The Sauptika Parva is omitted from the survey without any explanation. There is a puzzling statement (p.19) that the Ramayana, being unsure of Sita’s chastity, installs Bharata at the end instead of Lava or Kusha. Actually, in the text the brothers and the subjects drown themselves with Rama in the Sarayu, before which Rama installs his sons to rule over northern and southern Kosala. In view of Bhattacharji’s pronounced feminist stance (the first fall and death en route Swarga was of Draupadi because she was a woman, p.63), it is intriguing to find no reference to the mutilation of Ayomukhi (ear, nose, breasts chopped off) and Surpanakha (nose and ears sliced) by Rama and Lakshmana. She asserts (p. 41) that as Kaurava bards sang the events of the Kurukshetra war, it is a partisan narrative making a great hero out of Karna. However, Karna is not a Kaurava at all but Yadava Kunti’s illegitimate son. Further, Rama does not refuse Guhaka’s hospitality because he is chandala (p. 19) but because, having taken to asceticism, he would live only on fruits and roots, as he himself explains.
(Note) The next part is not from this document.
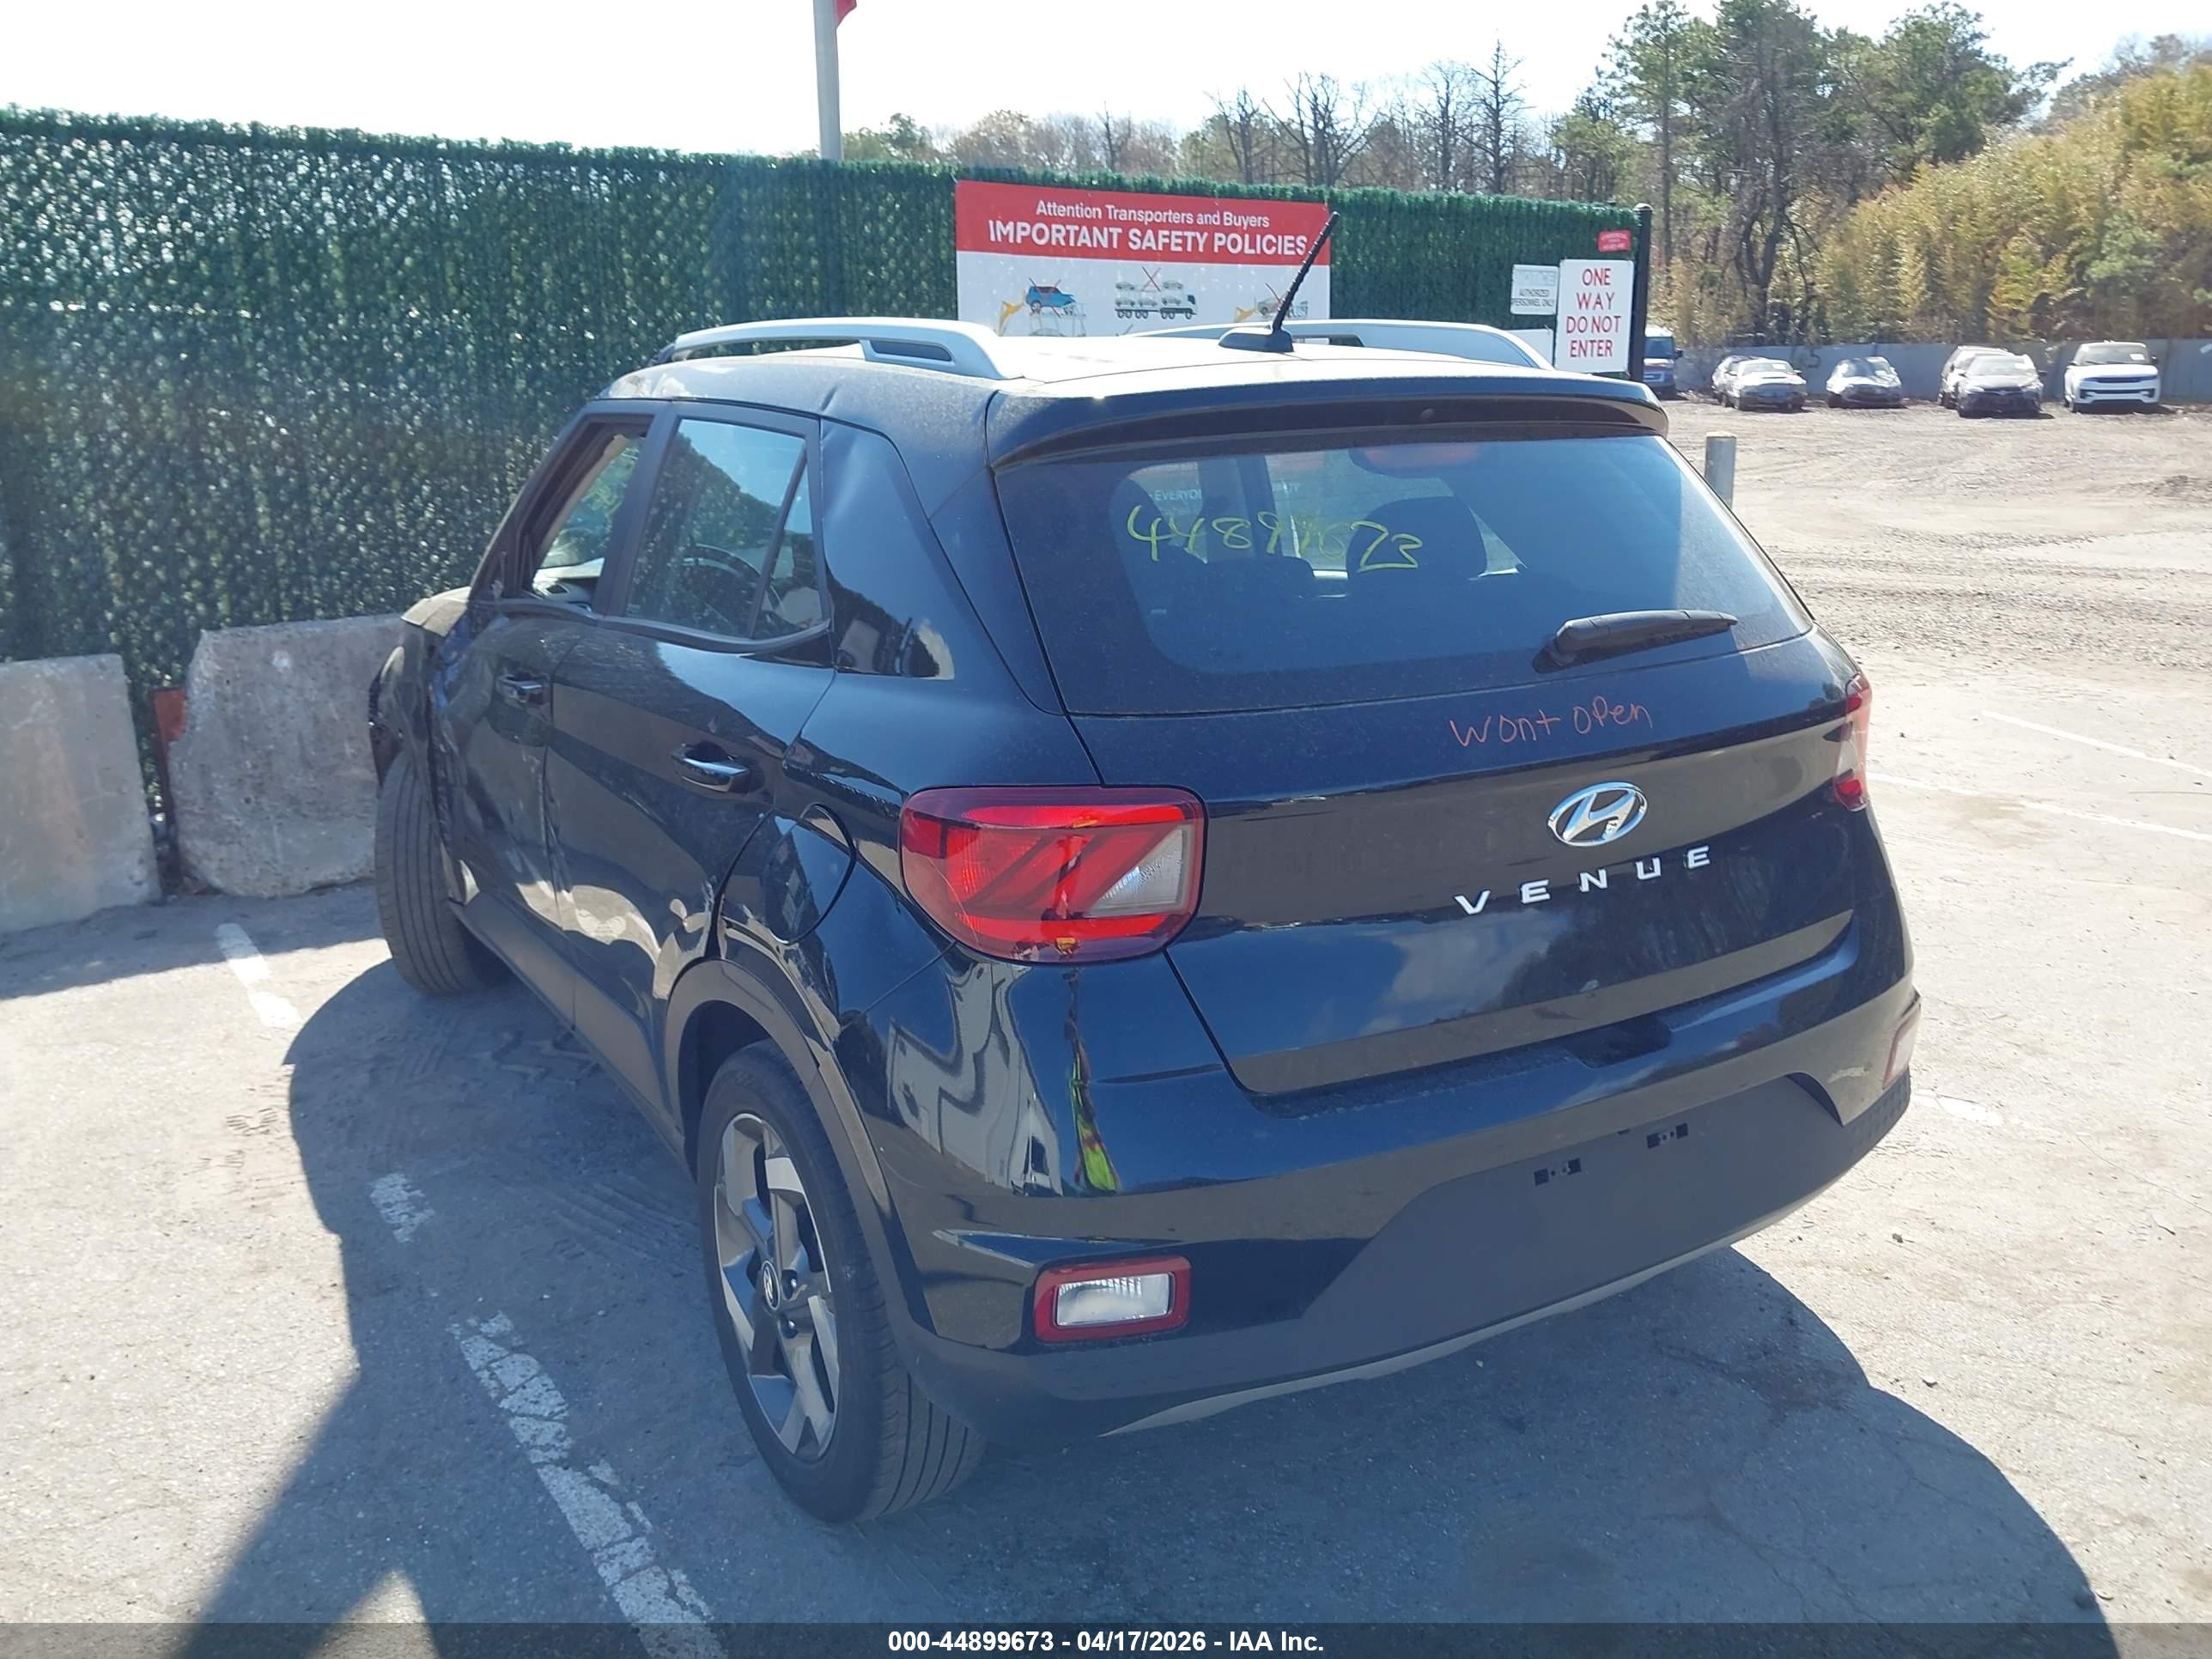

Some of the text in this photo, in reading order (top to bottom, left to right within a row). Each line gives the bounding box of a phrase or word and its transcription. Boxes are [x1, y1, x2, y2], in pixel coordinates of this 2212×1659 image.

Bhattacharji declares that the Mausala Parva is interpolated being full of supernatural events, yet she admits that they construct an inevitable sense of waste. She fails to substantiate that it is “not inherently related to the epic” and admits it reflects the wider perspective of destruction caused by war. The uneasiness it creates is the key to its effectiveness. Similarly, she dismisses the entire Bharata Savitri as irrelevant (p.62) although it ends with Vyasa’s remarkable query which remains a riddle for us all: “From Dharma come wealth and pleasure. Why is Dharma not practised?” Here the translators mistranslate “phalashruti” (the benefits of listening to the epic) as “hearsay.”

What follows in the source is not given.